Moreover, for the first time in Campeonato Brasileiro history, Palmeiras either won the title or finished as runner-up in three consecutive seasons—champions in 2016 and 2018, and second place in 2017. The team also secured a fourth consecutive appearance in the CONMEBOL Libertadores, a first in club history.

Palmeiras' campaign featured 23 wins, 11 draws, and only four losses, scoring 61 goals and conceding 24. The team played 18 home games (14 at Allianz Parque and four at Pacaembu Stadium), with 15 wins, two draws, and one loss, and 19 away games, yielding seven wins, nine draws, and three losses.

Crowned champions with 77 points and one round to spare, Palmeiras finished the first half of the season in sixth place, eight points behind leaders Flamengo. A remarkable second half, however, propelled them to the title, earning 44 points in 18 games and going 18 matches unbeaten. Including three unbeaten games before the second half, Palmeiras achieved a record 23-match unbeaten streak in the points-based era (since 2003), surpassing Corinthians' 19-game streak in 2017. With one game remaining against Vitória at home, the streak could extend further.

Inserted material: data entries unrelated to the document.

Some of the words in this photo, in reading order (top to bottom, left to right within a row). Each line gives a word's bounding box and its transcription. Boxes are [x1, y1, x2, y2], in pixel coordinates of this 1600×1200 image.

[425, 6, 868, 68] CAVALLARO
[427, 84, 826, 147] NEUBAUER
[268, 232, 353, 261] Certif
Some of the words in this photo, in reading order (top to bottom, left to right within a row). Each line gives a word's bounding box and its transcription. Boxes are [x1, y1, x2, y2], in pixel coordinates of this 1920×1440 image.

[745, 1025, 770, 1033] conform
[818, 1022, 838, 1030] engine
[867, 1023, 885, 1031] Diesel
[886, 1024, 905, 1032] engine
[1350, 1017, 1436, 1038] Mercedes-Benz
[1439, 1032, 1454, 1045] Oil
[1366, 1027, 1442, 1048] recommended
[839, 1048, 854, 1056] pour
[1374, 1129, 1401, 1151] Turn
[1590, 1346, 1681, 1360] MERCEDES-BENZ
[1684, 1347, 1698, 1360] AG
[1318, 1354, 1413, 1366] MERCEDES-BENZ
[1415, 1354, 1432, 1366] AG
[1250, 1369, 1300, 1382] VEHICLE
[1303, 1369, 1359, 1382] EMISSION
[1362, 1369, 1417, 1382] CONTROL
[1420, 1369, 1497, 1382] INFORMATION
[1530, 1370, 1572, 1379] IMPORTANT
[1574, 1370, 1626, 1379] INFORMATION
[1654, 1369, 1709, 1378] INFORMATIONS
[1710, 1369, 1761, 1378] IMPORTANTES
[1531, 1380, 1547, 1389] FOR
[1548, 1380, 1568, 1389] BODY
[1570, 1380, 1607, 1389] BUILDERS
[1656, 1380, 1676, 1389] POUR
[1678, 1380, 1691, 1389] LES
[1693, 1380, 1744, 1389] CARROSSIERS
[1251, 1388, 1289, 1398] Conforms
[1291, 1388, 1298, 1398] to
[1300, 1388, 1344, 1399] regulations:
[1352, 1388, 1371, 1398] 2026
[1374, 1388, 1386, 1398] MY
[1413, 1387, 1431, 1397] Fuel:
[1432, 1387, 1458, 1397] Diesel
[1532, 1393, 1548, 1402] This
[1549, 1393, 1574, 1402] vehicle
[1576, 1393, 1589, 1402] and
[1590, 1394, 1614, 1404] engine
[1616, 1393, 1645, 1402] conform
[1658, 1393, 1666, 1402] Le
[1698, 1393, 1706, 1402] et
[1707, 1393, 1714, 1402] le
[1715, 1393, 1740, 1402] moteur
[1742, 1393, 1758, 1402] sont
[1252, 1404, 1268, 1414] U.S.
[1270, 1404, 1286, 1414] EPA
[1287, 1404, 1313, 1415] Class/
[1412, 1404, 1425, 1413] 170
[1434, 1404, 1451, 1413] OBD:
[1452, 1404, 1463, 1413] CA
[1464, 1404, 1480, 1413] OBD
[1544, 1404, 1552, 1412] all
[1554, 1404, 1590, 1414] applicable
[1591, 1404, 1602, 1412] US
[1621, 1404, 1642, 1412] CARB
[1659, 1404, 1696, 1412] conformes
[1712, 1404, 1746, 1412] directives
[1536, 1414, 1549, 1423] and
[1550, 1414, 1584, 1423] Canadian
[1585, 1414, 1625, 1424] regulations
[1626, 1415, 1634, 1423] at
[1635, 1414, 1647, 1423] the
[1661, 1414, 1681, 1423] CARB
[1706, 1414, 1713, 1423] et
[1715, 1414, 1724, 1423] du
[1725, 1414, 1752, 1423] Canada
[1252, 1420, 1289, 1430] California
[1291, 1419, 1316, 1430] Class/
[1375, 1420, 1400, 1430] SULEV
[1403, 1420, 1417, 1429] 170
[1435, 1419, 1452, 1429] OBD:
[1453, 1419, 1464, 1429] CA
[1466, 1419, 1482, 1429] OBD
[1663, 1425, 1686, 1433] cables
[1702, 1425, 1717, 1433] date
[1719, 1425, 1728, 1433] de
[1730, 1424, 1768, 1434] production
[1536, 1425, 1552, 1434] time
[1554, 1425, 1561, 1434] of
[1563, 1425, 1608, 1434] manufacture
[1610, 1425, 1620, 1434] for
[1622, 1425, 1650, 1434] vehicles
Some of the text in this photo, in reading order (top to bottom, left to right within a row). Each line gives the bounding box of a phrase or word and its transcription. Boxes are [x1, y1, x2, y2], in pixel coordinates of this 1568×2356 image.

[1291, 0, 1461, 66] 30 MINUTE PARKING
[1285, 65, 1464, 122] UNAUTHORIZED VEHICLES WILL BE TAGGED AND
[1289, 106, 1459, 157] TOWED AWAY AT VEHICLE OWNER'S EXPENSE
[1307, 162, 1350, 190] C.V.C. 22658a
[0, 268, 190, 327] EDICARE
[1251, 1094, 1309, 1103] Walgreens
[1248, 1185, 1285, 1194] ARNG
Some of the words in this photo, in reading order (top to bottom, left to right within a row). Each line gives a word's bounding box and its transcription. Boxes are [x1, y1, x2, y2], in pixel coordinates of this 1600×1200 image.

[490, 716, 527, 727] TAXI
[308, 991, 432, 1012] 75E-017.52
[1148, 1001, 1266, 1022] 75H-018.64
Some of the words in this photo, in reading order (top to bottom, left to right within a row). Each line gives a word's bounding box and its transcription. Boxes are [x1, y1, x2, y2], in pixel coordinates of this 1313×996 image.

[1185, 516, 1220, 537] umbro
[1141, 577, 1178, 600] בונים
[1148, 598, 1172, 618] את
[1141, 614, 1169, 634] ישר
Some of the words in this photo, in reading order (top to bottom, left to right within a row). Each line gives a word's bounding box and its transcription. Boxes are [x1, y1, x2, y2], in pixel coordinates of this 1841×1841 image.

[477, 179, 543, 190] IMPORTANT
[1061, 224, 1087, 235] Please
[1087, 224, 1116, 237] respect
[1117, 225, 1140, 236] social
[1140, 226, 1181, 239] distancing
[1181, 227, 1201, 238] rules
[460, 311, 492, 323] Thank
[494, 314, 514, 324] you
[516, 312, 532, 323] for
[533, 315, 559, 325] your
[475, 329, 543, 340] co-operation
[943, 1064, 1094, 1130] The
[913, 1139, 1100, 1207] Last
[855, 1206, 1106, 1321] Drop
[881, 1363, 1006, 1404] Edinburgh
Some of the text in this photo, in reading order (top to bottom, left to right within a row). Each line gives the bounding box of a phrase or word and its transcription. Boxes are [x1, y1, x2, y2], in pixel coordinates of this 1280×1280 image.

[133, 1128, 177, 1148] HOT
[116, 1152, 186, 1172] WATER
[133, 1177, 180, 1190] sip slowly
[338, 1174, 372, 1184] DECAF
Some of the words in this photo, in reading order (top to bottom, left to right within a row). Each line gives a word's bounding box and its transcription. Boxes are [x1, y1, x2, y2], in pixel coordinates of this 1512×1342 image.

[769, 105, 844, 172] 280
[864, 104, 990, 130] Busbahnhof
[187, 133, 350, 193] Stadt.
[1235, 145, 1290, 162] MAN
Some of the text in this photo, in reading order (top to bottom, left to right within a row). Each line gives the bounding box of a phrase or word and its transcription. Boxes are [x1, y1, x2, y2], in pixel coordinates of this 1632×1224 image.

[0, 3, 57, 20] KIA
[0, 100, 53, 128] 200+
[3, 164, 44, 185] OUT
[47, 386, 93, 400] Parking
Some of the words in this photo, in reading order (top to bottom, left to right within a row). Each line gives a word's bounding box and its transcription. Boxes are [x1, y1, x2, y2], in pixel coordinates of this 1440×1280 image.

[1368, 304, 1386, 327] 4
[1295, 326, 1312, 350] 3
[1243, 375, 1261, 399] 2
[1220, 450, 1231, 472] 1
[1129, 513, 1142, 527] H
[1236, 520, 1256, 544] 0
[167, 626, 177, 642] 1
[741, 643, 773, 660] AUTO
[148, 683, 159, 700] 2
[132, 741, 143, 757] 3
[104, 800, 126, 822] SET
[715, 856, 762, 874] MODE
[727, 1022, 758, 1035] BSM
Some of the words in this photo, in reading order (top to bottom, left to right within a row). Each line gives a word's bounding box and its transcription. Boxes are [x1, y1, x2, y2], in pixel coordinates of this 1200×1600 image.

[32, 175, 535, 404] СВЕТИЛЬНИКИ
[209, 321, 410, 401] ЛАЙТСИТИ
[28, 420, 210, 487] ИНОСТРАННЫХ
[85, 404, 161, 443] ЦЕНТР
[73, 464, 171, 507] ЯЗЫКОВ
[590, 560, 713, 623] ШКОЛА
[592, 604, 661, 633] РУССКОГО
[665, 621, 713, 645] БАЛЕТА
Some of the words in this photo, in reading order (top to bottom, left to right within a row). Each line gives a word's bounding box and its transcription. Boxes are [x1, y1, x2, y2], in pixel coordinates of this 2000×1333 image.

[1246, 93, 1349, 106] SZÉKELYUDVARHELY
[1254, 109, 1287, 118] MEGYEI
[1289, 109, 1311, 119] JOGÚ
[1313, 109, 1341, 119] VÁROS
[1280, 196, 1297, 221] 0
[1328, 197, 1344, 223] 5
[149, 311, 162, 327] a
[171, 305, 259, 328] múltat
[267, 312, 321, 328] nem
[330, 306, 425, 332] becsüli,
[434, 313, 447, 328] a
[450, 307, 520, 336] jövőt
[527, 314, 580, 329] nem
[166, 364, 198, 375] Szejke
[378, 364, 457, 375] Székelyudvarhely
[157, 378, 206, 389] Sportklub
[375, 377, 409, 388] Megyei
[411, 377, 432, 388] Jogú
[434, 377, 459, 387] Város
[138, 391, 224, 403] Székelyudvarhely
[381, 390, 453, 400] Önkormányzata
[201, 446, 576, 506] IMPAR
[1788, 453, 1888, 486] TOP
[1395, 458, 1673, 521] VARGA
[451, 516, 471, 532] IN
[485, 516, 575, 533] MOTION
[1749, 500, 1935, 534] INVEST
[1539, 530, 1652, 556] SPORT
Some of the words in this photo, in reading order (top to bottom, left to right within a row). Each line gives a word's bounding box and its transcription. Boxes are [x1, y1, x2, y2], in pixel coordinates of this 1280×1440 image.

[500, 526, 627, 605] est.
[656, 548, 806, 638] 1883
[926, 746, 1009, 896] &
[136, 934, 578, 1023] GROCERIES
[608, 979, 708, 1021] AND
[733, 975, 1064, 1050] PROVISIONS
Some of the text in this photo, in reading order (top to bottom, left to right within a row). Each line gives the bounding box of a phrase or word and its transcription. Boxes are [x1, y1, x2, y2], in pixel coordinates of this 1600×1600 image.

Under coach Luiz Felipe Scolari, Palmeiras surpassed their 15-game unbeaten streak from the 2016 Brasileirão and the 18-game streak from 1997/1998. The next targets are the 23-game unbeaten run of 1994 and the record 26-game streak between 1972 and 1973.

Palmeiras led the league in several metrics: most wins (21), fewest losses (4), best attack (60 goals), best defense (24 goals conceded), and best goal difference (36). According to Footstats data up to the 36th round, Palmeiras led in dribbles (247), interceptions (212), tackles (811), long passes (1578), and ball switches (161).

Dudu

The team was managed by two head coaches—Roger Machado (six wins, five draws, four losses) and Luiz Felipe Scolari (15 wins, five draws)—along with Wesley Carvalho (one win) and Paulo Turra (one draw), using 29 players. Scolari, Brazil's most successful coach, won his second Brasileirão title, following his 1996 triumph with Grêmio.

Midfielder Lucas Lima led Palmeiras in appearances with 33 games, followed by Bruno Henrique and Willian, each with 32. Willian topped the team's scoring chart with 10 goals, followed by Deyverson with nine. Dudu led in assists with 12.

Of the 2018 championship squad, 11 players were also part of the 2016 Brasileirão championship team, giving them the status of two-time champions: goalkeepers Fernando Prass and Jailson, defenders Edu Dracena and Thiago Martins, midfielders Thiago Santos, Jean, Moisés, Vitinho, and Tchê Tchê, and forwards Artur and Dudu. Notably, Jean, Edu Dracena, and Willian became four-time Brasileirão champions, joining an elite group including goalkeeper Emerson Leão, defender Antônio Carlos Zago, and midfielder Amaral, behind the five-time champions Dudu, Ademir da Guia, and Zinho.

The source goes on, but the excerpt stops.